Lendo o livro da Martha Medeiros (Coisas da Vida) que eu queria ha séculos e ganhei de Natal, me deparei com essa crônica e que me fez refletir muito. Então resolvi registrar aqui. Outras cronicas do livro também são muito boas, principalmente meu primeiro Quarto, o livro sem dúvida e muito bom. Quando terminar de ler vou fazer resenha.
LÁPIS, CADERNO E BORRACHA
Martha Medeiros
Aconteceu em dezembro passado: "O que você pediu para o Papai
Noel?", perguntou o repórter a um menino que vivia num barraco e
que usava um calçãozinho três números menor do que o seu corpo
exigia. Suspirei fundo. Que repórter é esse que coloca uma câmera
de televisão na frente de uma criança que provavelmente nunca
teve um sonho atendido? "Material escolar", respondeu o menino.

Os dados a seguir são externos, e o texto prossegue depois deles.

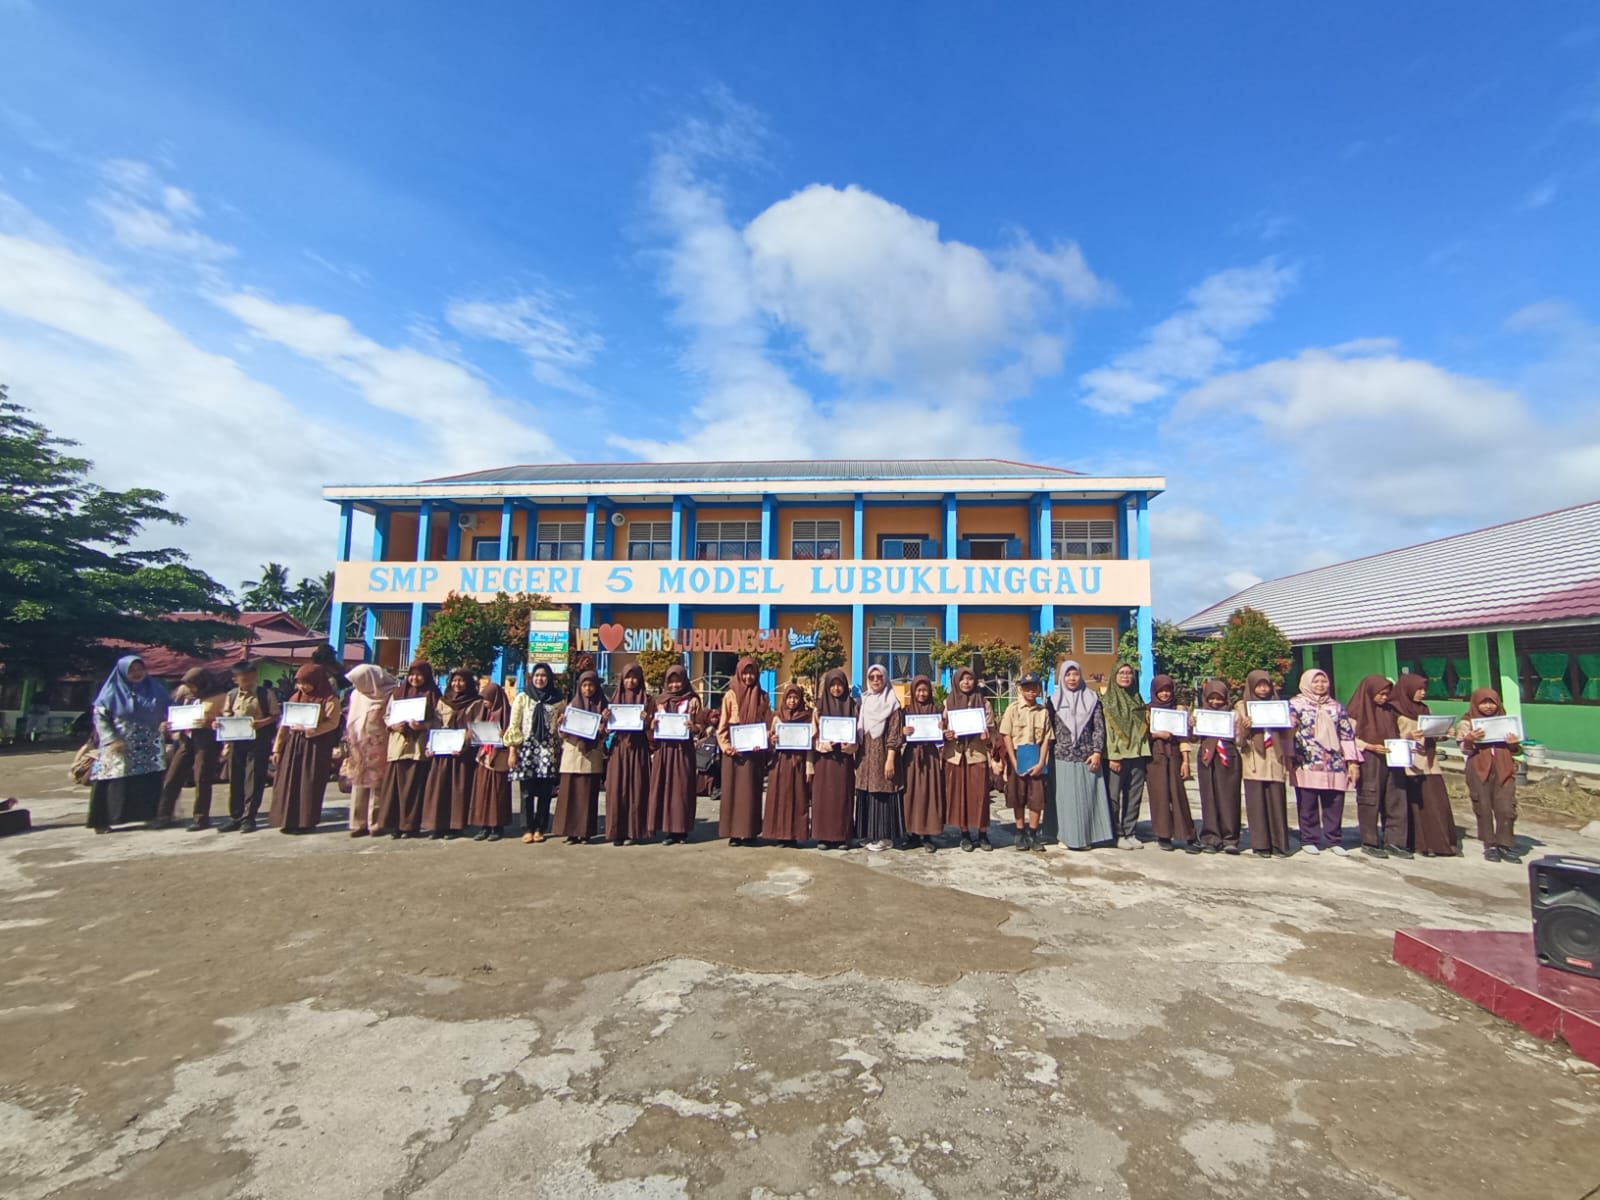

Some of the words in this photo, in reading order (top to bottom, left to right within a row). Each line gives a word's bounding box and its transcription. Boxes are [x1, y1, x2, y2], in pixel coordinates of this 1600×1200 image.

O menino queria ganhar material escolar de Natal. Iria pra escola
em março, queria lápis, borracha e caderno, que o pai não podia
comprar.
Corta para o repórter entrevistando o pai. Ficassem tranqüilos os
telespectadores, o menino teria seu lápis, borracha e caderno na
noite de Natal, seria seu primeiro presente em sete anos de vida, seu
primeiro sonho atendido. Meu coração ficou do tamanho de meio
amendoim.
Na hora não pensei que maravilhoso era ver um menino humilde ir
para a escola. Pois a notícia era esta, um menino, ao vivo, em rede
nacional, escapando da marginalidade, com chance de estudar e,
caso os deuses seguissem abençoando sua família, assim seria nos
próximos anos, e um futuro decente o aguardaria no final do arco-
íris.
Bela história, e meu coração nem assim voltava ao tamanho normal,
meus batimentos eu nem sentia. Material escolar de presente de
Natal, dois meses antes do início das aulas, é um bofetão cuja dor
não passa rapidinho, trocando de canal.
Semana passada entrei numa livraria com uma lista na mão e enchi
o cestinho com canetas hidrocor, massa de modelar, papel celofane,
tesoura, pincel, glitter, essas coisas que escolas exigem nos
primeiros anos do ensino fundamental e que mais parecem
brinquedos, e penso que o brinquedo que aquele garoto ganhou de
Natal foi lápis, borracha e caderno, e não caminhãozinho, bola,
skate. Só lápis, borracha e caderno. Que qualquer pai deveria poder
comprar folgadamente com seu salário mensal, dias antes do início
das aulas, como fazemos com nossos filhos, os maiores ainda
adquirindo livros, arquivos, pastas e mochilas, tudo entregue a eles
de mão beijada porque é nossa obrigação. Não é Natal.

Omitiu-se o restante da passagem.